At the Academy gate, two porters try to do their job and bar Zhang Xi until I hand over the government representation authorization. Their posture changes at once. Not out of respect for me, but for the seal.
"She comes with me," I say.
The porter checks the gray tunic, the seal, and decides a problem-free life is a respectable ambition.
I also hand him a folded paper. "For the person named on it. Now."
He opens it just enough to see the name, closes it again, and sends for an assistant without a word. Zhang Xi watches with too much serenity for someone witnessing a power move.
"Leona was right," she says. "You’re insufferable."
The smile she gives saying it makes me smile too.
The southwest plaza is the farthest from the main routes.

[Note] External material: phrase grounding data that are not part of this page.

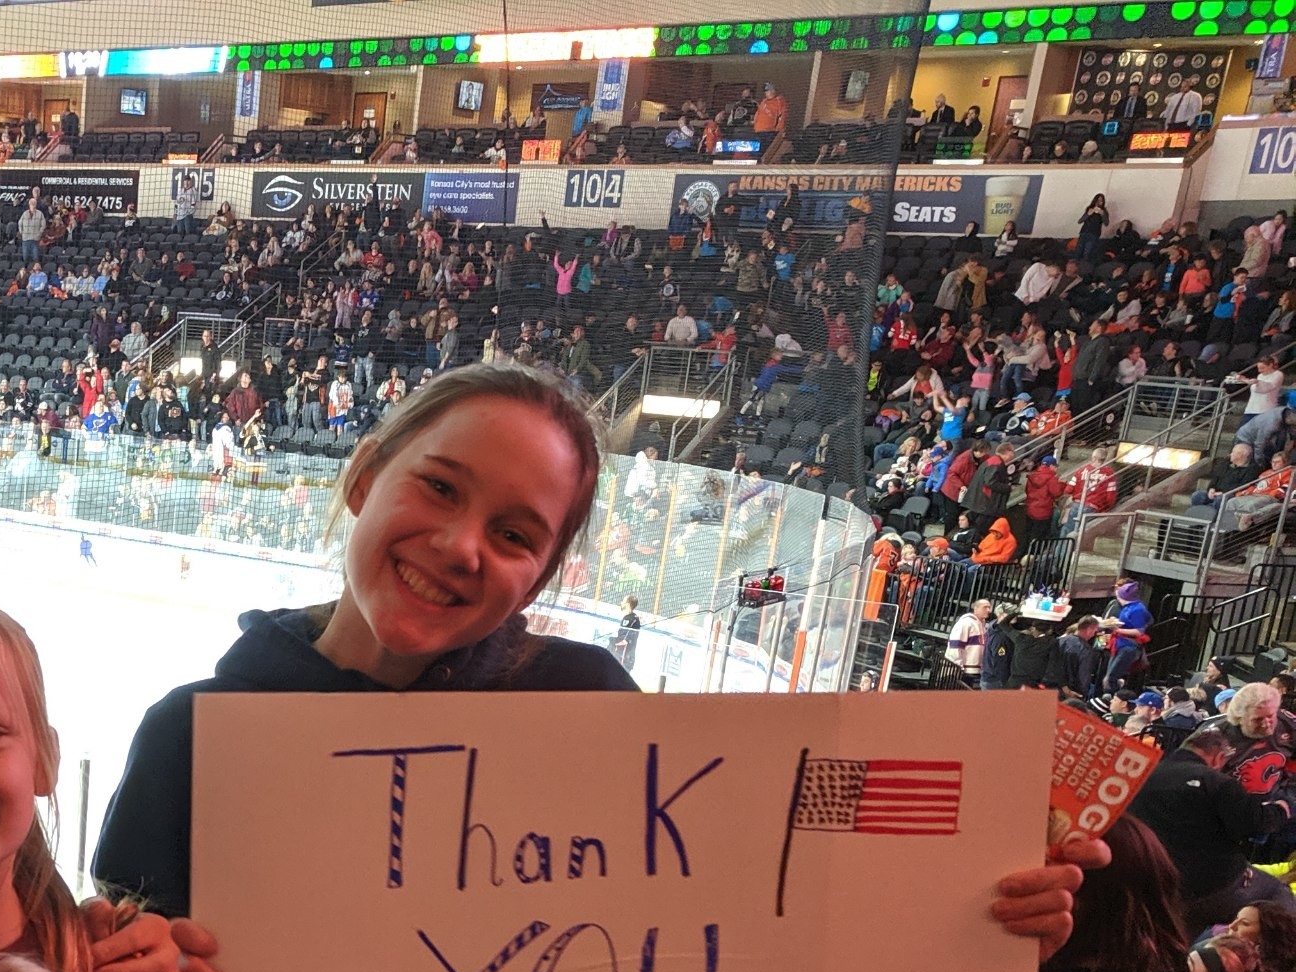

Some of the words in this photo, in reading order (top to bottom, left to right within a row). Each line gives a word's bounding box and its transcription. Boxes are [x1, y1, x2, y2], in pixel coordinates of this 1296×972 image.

[41, 176, 73, 185] COMMERCIAL
[78, 177, 108, 186] RESIDENTIAL
[109, 177, 134, 186] SERVICES
[430, 180, 454, 188] Kansas
[455, 180, 473, 190] City's
[473, 181, 491, 189] most
[570, 173, 621, 203] 104
[739, 175, 810, 191] KANSAS
[812, 176, 854, 191] CITY
[855, 176, 962, 192] MAERICKS
[52, 195, 123, 210] 86.5247475
[1072, 724, 1095, 754] GET
[1099, 735, 1123, 766] BUY
[1052, 754, 1075, 786] ONE
[1067, 734, 1105, 786] COMBO
[1075, 768, 1101, 799] ONE
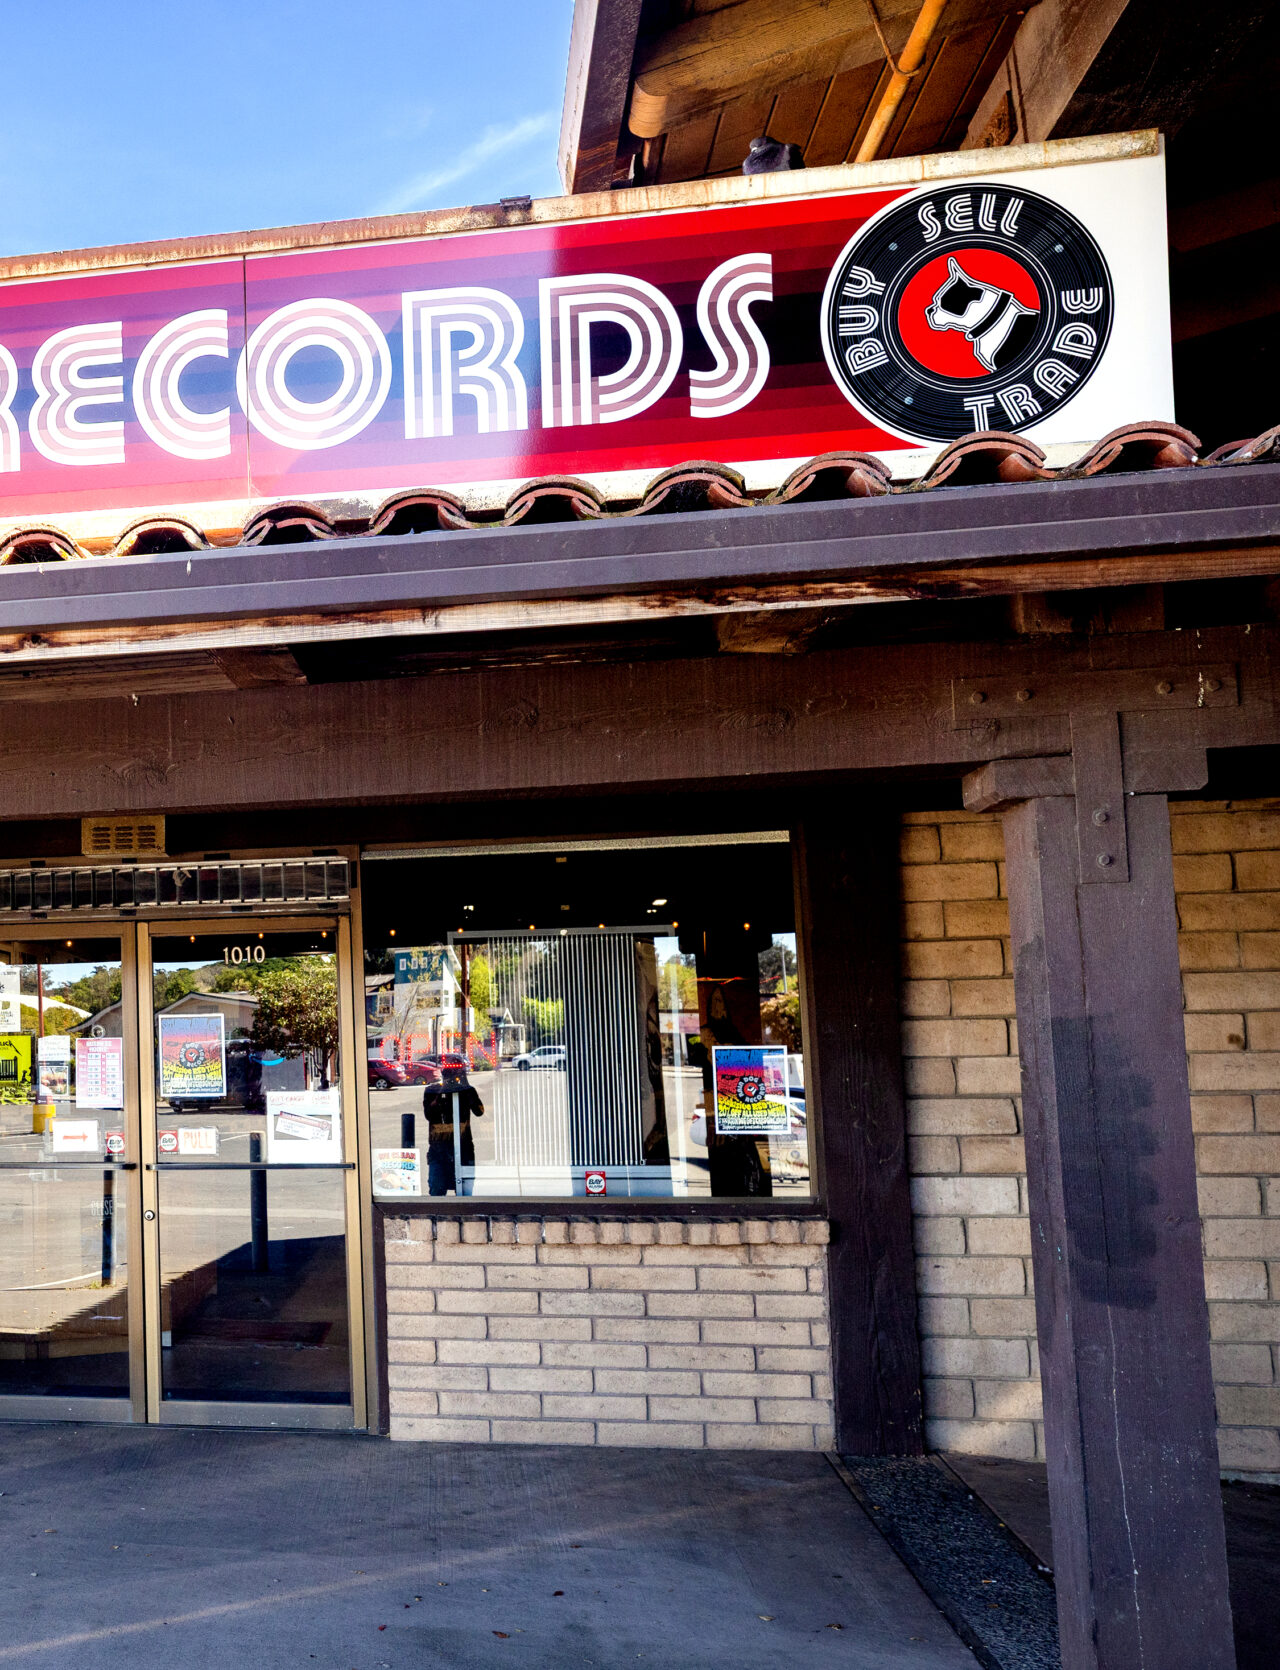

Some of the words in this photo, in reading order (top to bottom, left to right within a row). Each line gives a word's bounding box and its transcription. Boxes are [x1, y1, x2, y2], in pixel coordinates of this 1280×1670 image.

[918, 193, 1024, 242] SELL
[838, 265, 886, 376] BUY
[963, 286, 1104, 433] TRADE
[223, 945, 265, 965] 1010
[380, 1031, 497, 1069] OPEN
[183, 1131, 213, 1149] PULL

Low trees, stone benches, a dry fountain at the center, old enough to look like decoration and new enough to still fake usefulness. Veric and Rhayne arrive together. Oliver, as agreed, doesn’t.
Veric looks at Zhang Xi, then at me. "You went out for a meeting and came back with the Silver Fang’s monk?"
"Temporarily."
Rhayne approaches carefully. "Is she staying with us?"
"For a while. She’ll learn our plans, observe the LDP, share medical experience. It fits, because we’re going to need a healer."
Rhayne tenses at once. "Why do we need a healer?"
Before I can answer, footsteps cross the side entrance of the plaza.
My plan arrives with three followers at her back, all equipped, all chosen by the way they don’t glance around for permission. She comes with the same arrogant air as always, like the whole Academy is a stage someone forgot to clean before her entrance.
"So this is where," Freya says, looking from Veric to Rhayne, then to me, "you’re gathering the students who still think they’ll walk out in one piece?"
Zhang Xi sighs softly.
For the first time that morning, I think she understands why Leona sent her with me.